If You Want to Actually Live in France — Here Are Your Options
Every American who wants to spend more than 90 days in France — for any purpose — needs a French long-stay visa applied for before departure from the United States. The specific visa depends on your situation. Here are the main pathways available to Americans in 2026:
The most common visa for American retirees and financially independent individuals. Allows you to live in France for up to 12 months without working for a French employer. Renewable annually with no limit. Requires proof of sufficient income (approximately €1,500/month for a single person), comprehensive private health insurance covering France, and proof of accommodation. No language test, no cultural exam, no residency requirement in France before applying. Applied for at the TLScontact center covering your U.S. state of residence.
No work authorization
€1,500+/month income required
Private health insurance required
Renewable each year
Apply before leaving the U.S.
France’s flagship long-stay visa for entrepreneurs and investors. Grants a 4-year renewable residence permit — significantly longer than the annual visitor visa. Requires a qualifying investment amount or a viable, detailed business project reviewed by Business France. Covers founders, investors, and company executives. Gives access to the French social system and allows you to work in and manage your French business.
Work authorization included
4-year residence permit
Business plan required
Renewable
France does not yet have a dedicated “digital nomad visa.” The standard pathway for Americans working remotely for U.S. or non-French employers is the long-stay visitor visa (VLS-TS visiteur), with a declaration that you are not performing paid activity on French territory.
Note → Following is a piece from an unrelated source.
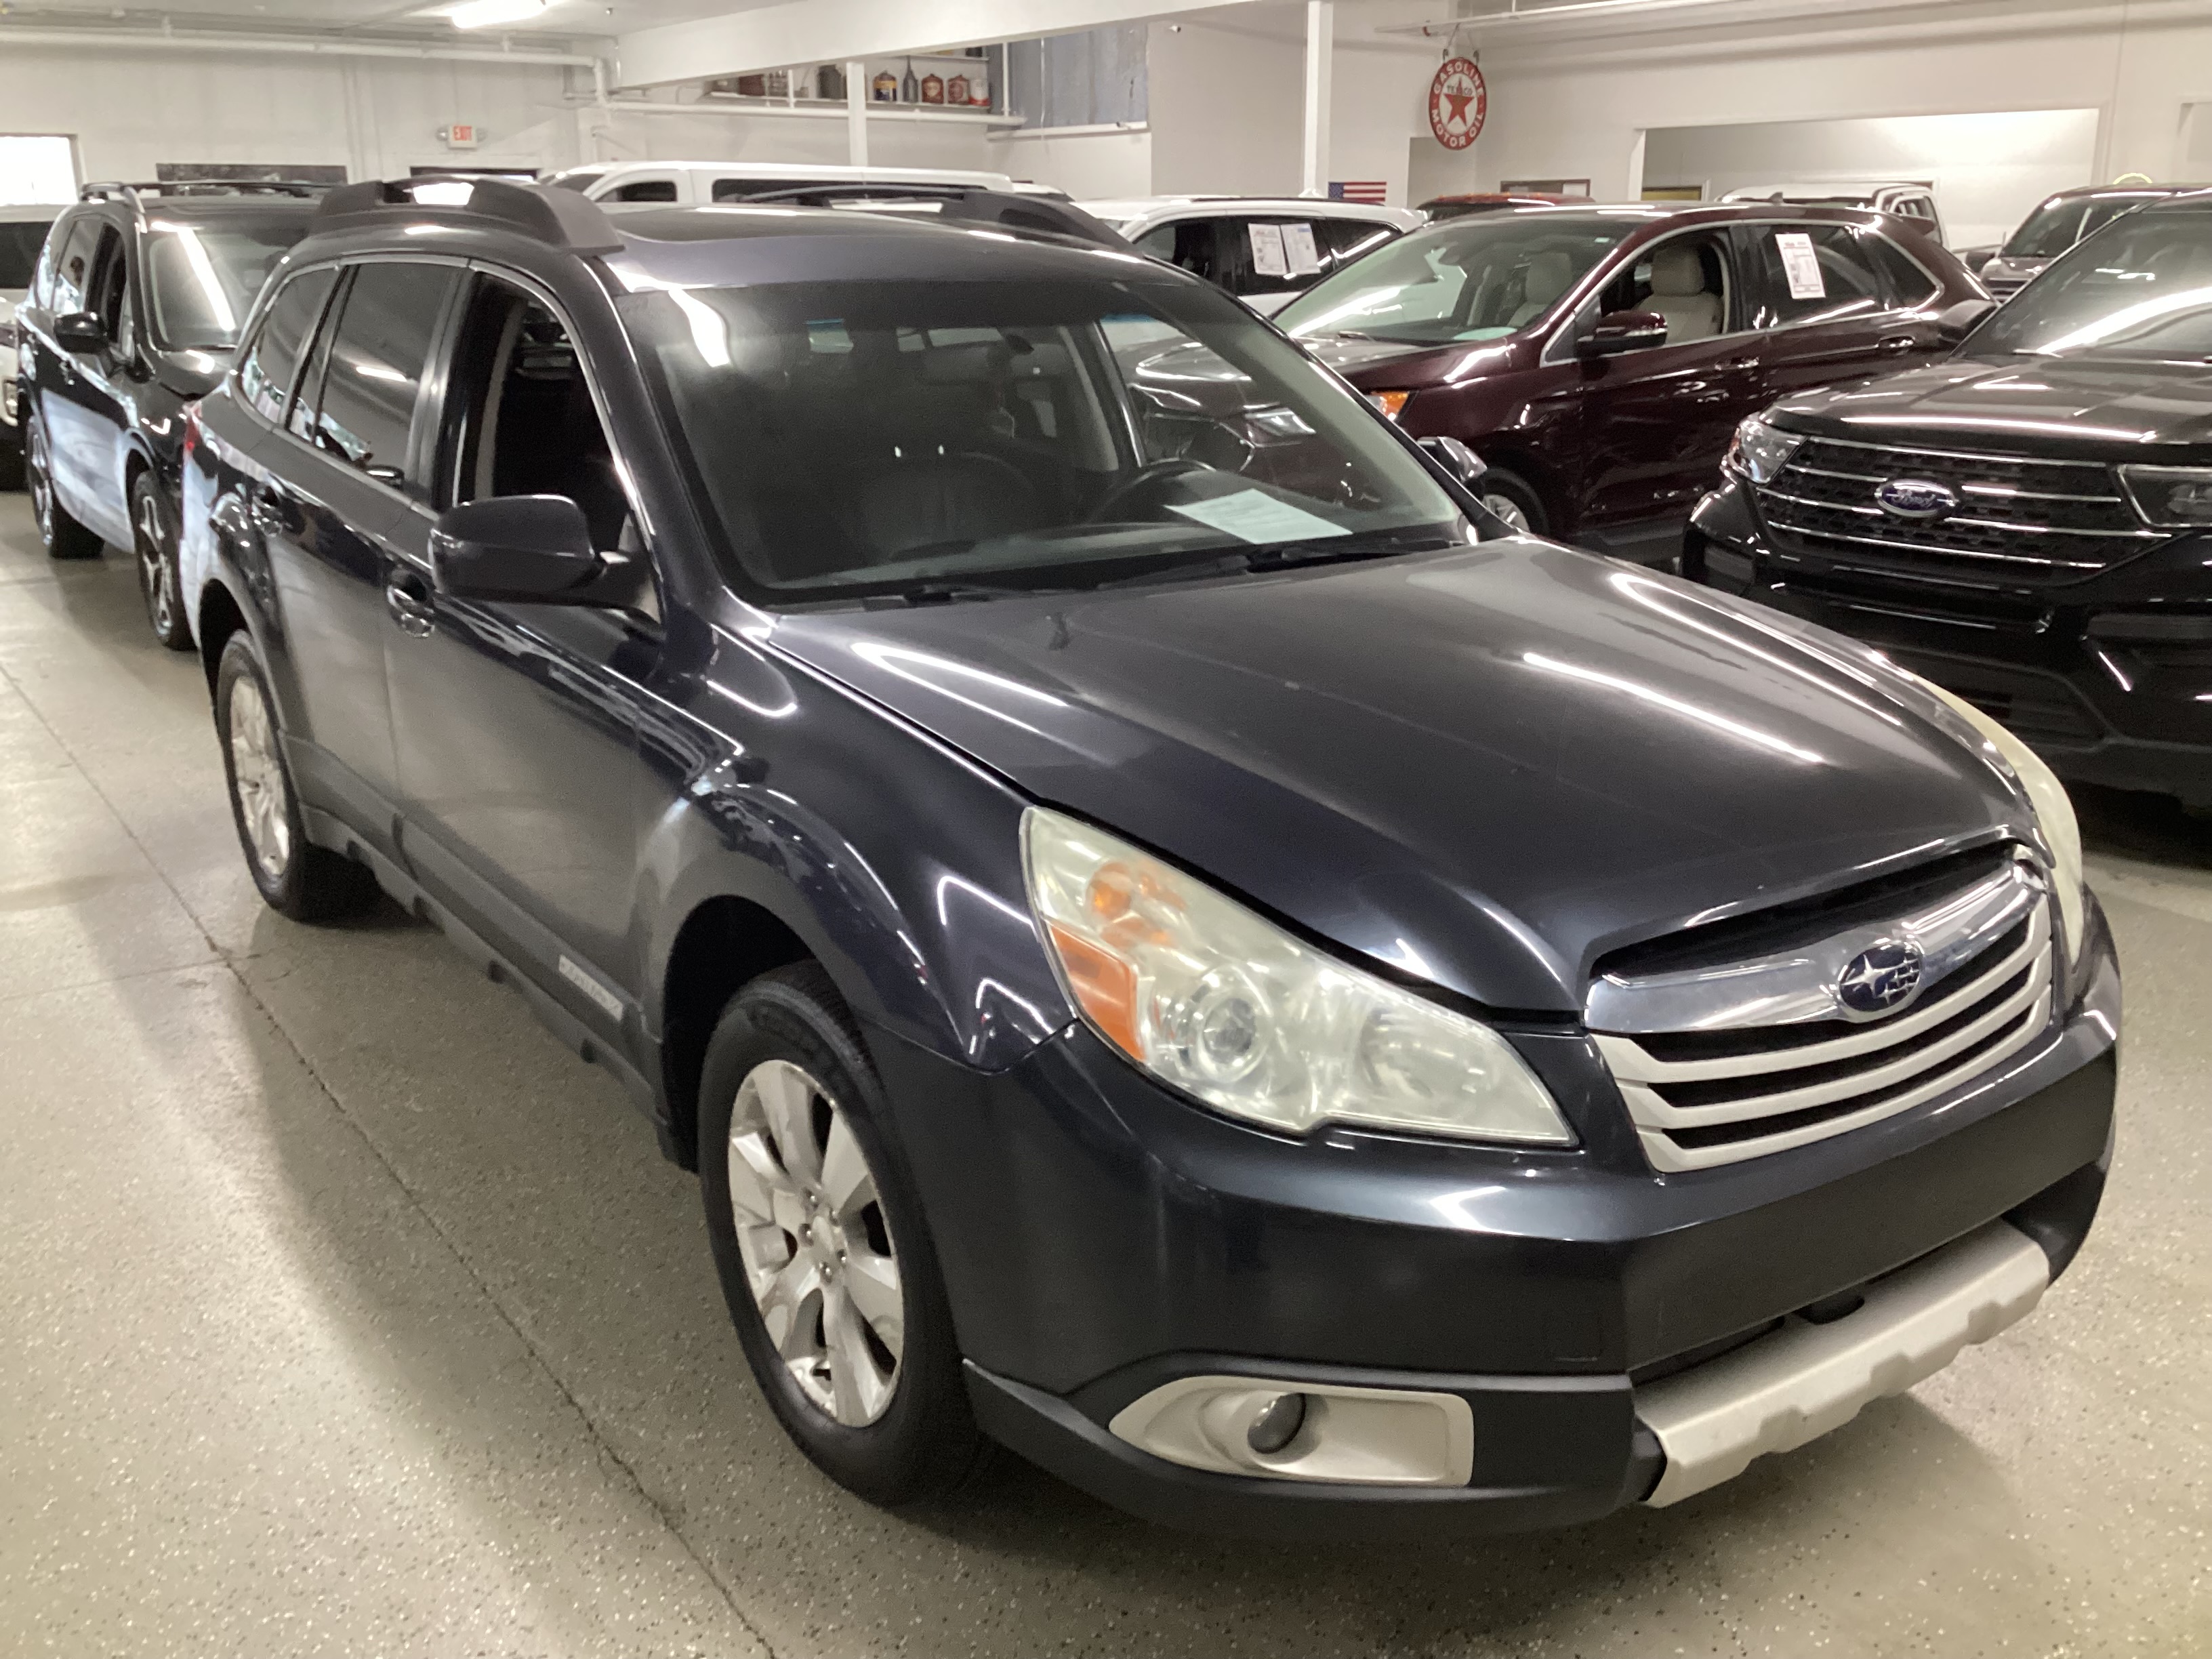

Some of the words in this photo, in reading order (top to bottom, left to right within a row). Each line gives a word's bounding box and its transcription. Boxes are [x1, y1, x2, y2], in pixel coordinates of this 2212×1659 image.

In practice, French authorities are increasingly scrutinizing this category. In 2026, working remotely from France for extended periods without a proper work authorization carries real legal risk. We strongly recommend getting legal advice before spending more than 90 days in France working remotely.
Legally complex in 2026
Proof of income required
Health insurance required
Legal advice strongly recommended
For Americans enrolling in a French university, grande école, or language program longer than 90 days. Applications in most U.S. states go through Campus France before the visa application. Allows limited part-time work alongside full-time studies (up to 964 hours per year). Valid for the duration of studies and renewable. Can lead to a post-study work authorization for graduates of French institutions.
Campus France procedure
964 hours/year part-time work
Renewable for duration of studies
Path to post-study work visa
For Americans married to or in a civil partnership (PACS) with a French citizen. Grants entry as the spouse of a French national and leads to a multi-year residence permit, then a 10-year residence card. Requires proof of the marriage or PACS, proof of your French spouse’s citizenship, and sufficient shared documentation of the relationship. Work authorization is included. After 5 years of legal residence, you may be eligible to apply for French citizenship.
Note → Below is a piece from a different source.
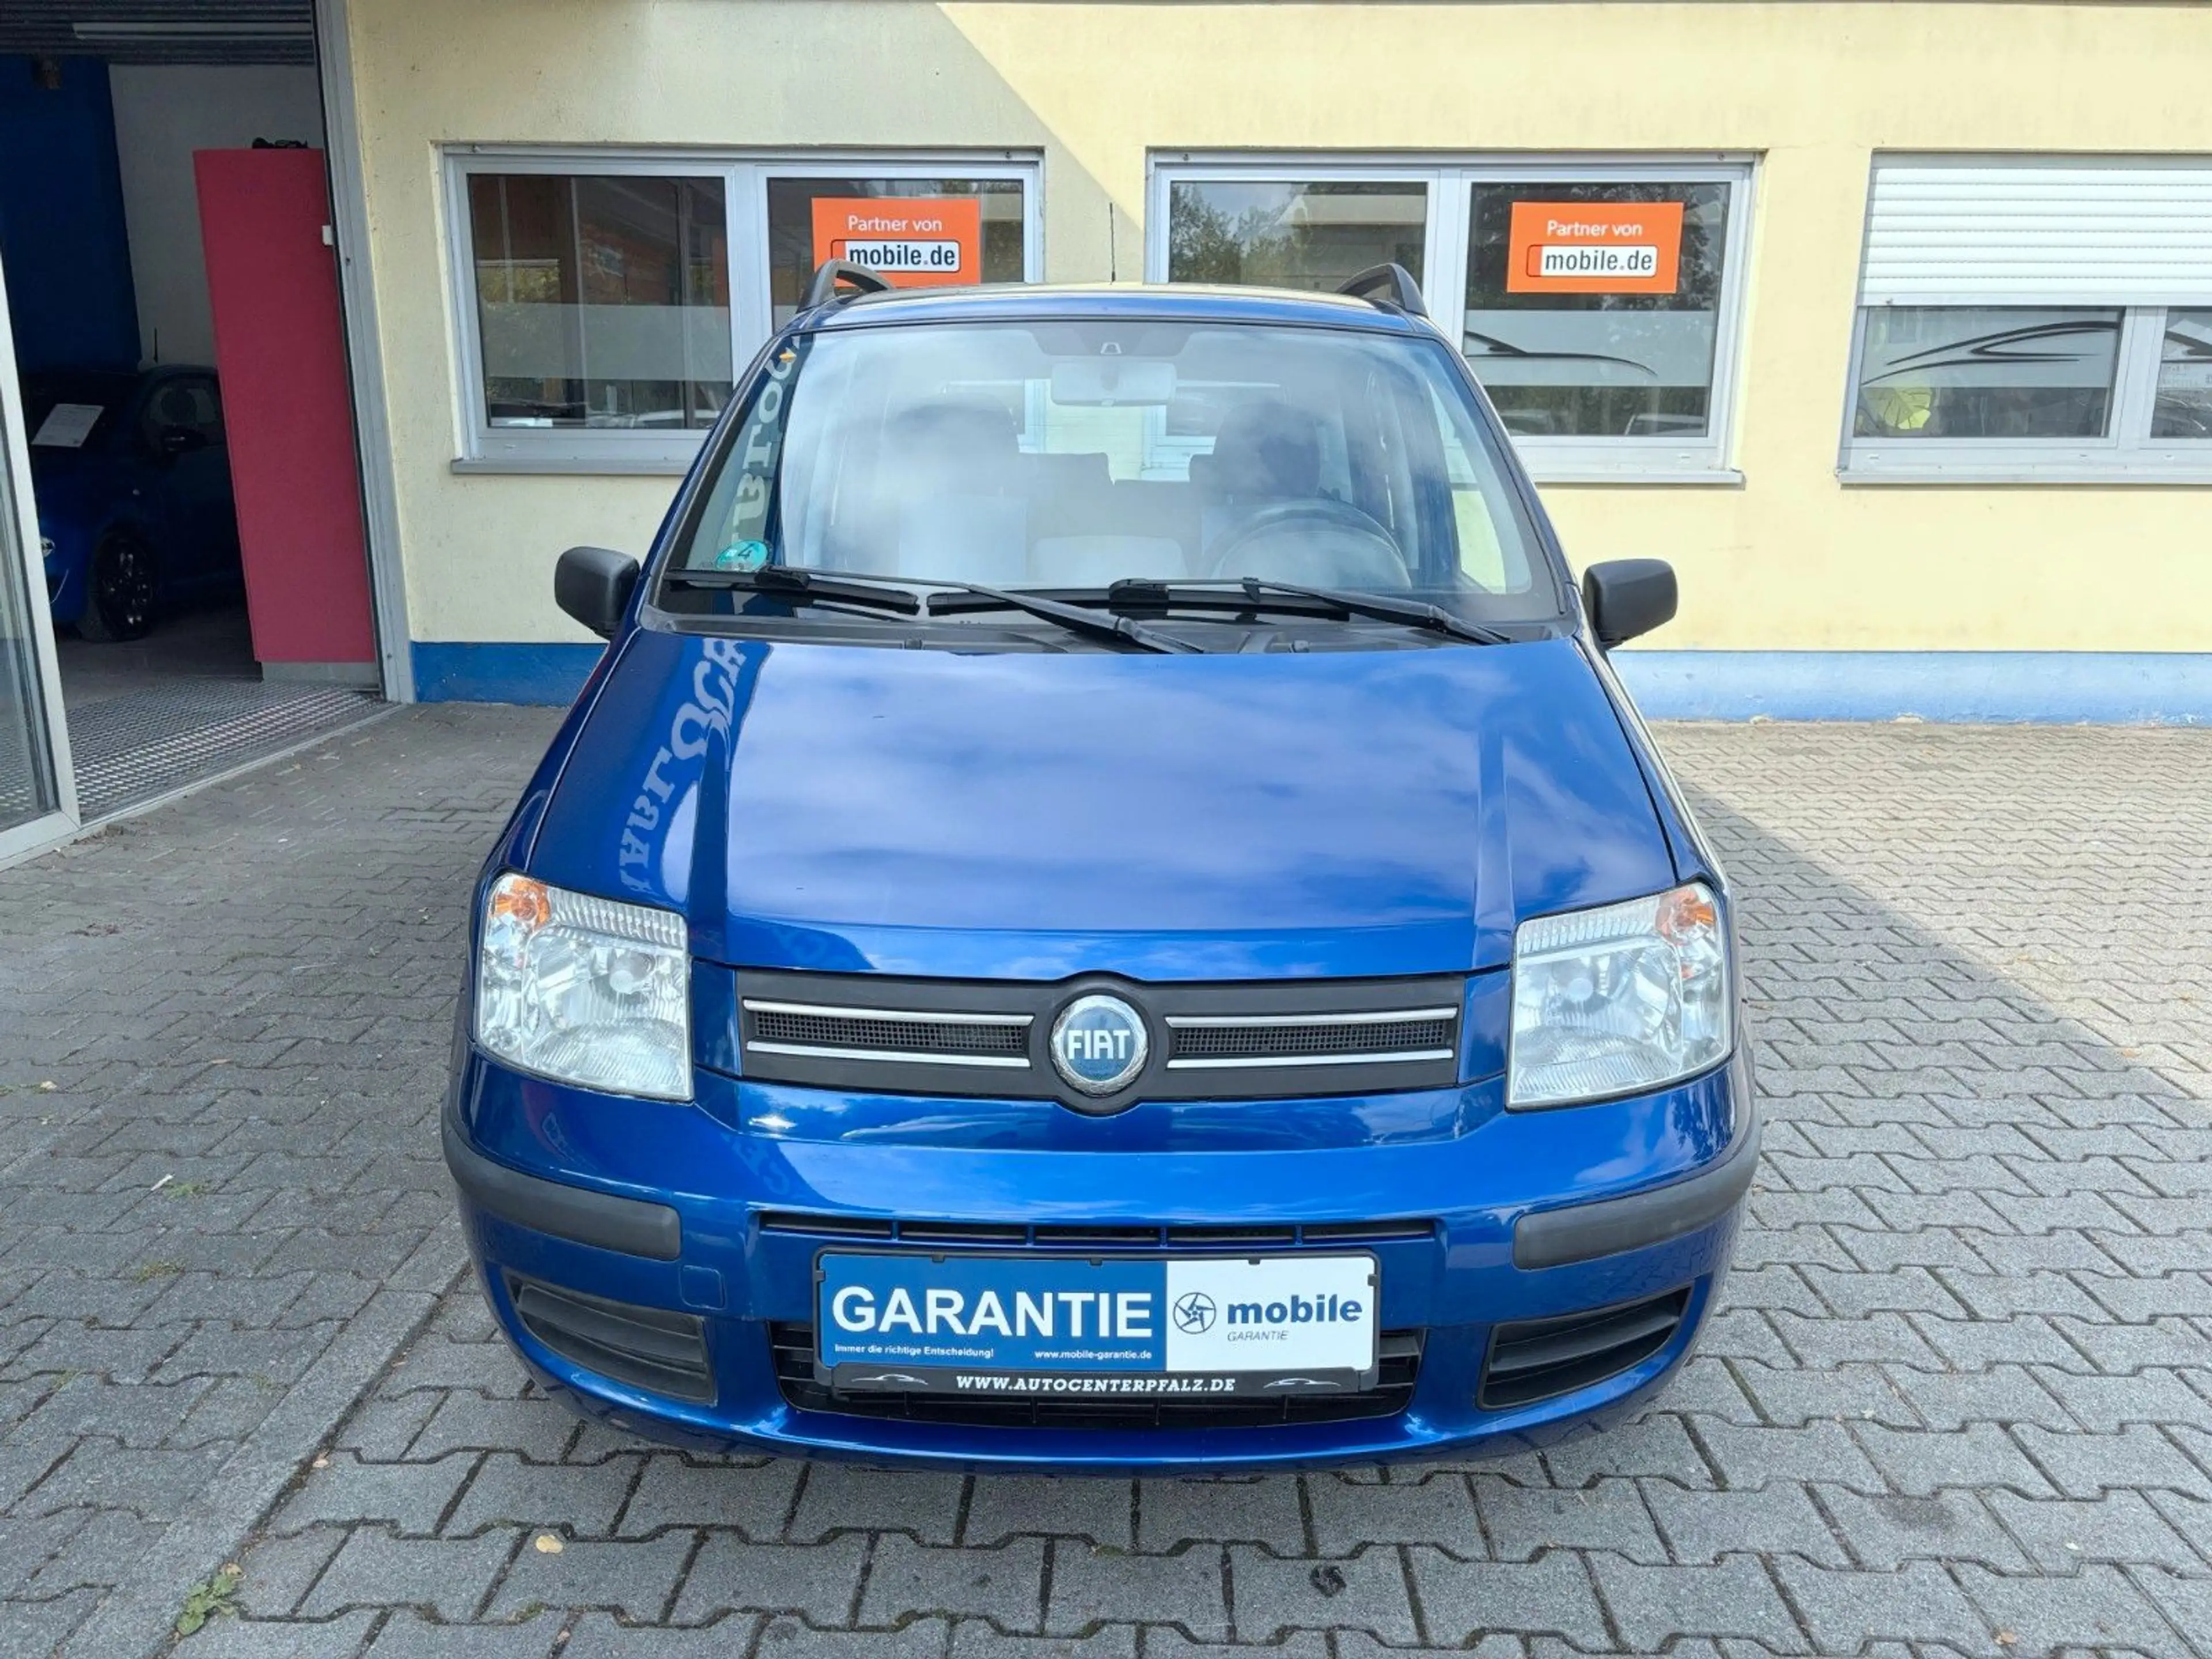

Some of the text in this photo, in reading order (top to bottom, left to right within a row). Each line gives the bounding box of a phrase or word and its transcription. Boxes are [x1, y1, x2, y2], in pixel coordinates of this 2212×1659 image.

Work authorization included
Multi-year residence permit
Leads to 10-year card
Path to French citizenship
If you have a French parent or in some cases a French grandparent, you may already be a French citizen without knowing it. French nationality passes by blood — an American born to a French parent is French by law and simply needs to claim and prove that status. French citizens have the unrestricted right to live and work anywhere in the EU, including France, with no visa or residence permit required. This is the most powerful option available — and the most commonly overlooked by Americans with French ancestry.
No visa required
Full EU residency rights
Dual nationality allowed
Passes to your children
Every American can visit France freely. But living in France — really living there — requires a plan, a visa, and the right legal guidance from the start.
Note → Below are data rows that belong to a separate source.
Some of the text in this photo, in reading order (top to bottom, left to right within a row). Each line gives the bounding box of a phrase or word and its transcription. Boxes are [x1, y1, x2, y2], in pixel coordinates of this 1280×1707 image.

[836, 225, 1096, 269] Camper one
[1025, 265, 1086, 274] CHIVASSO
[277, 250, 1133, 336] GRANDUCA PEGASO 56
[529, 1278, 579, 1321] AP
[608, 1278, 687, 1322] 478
What Happens If You Overstay
Overstaying your visa-free allowance in France is not a minor administrative inconvenience. The consequences are real and can affect your ability to return to Europe for years.
⚠Fines at departure. French border authorities can impose fines when you attempt to leave after overstaying. The amount varies but the encounter is documented.
⚠Entry ban. A documented overstay can result in a multi-year ban from re-entering France or the entire Schengen Area. This is enforced through the Schengen Information System (SIS).
⚠Automatic detection. The new Entry/Exit System (EES) logs every Schengen entry and exit digitally. Overstays are now flagged automatically — the old assumption that a missed stamp means no record is no longer valid.
⚠Visa application complications. A documented overstay on your travel history will be scrutinized — and potentially disqualifying — when you later apply for a French long-stay visa or any other Schengen visa.
How to Apply — The Process in Brief
All French long-stay visas for Americans are applied for before departing the United States, through the TLScontact visa application center covering your U.S. state of residence. Since April 2025, TLScontact replaced VFS Global as France’s dedicated visa partner in the United States. The process varies slightly by visa category but follows the same general structure:
1️⃣Identify your visa category based on your reason for staying — visitor, student, entrepreneur, family, or talent passport. The wrong category means automatic refusal.
2️⃣Gather your documents — passport, proof of income, health insurance, accommodation proof, and category-specific documents. Every document must be current, complete, and properly certified.
3️⃣Book your TLScontact appointment at the center covering your state of residence — not your preferred location. Jurisdiction is determined by where you live, not where you want to apply.
4️⃣Attend your appointment and submit your complete file. Processing typically takes 2 to 6 weeks depending on the consulate, visa category, and time of year. Summer months are significantly slower.
5️⃣Validate your visa online within 3 months of arriving in France through the ANEF portal. This is a legal obligation — missing the validation deadline puts you out of legal status even if your visa sticker is still valid.
6️⃣Renew before expiration through the ANEF portal, at least 2 months before your visa or residence permit expires. Late renewals are refused and require restarting the entire process.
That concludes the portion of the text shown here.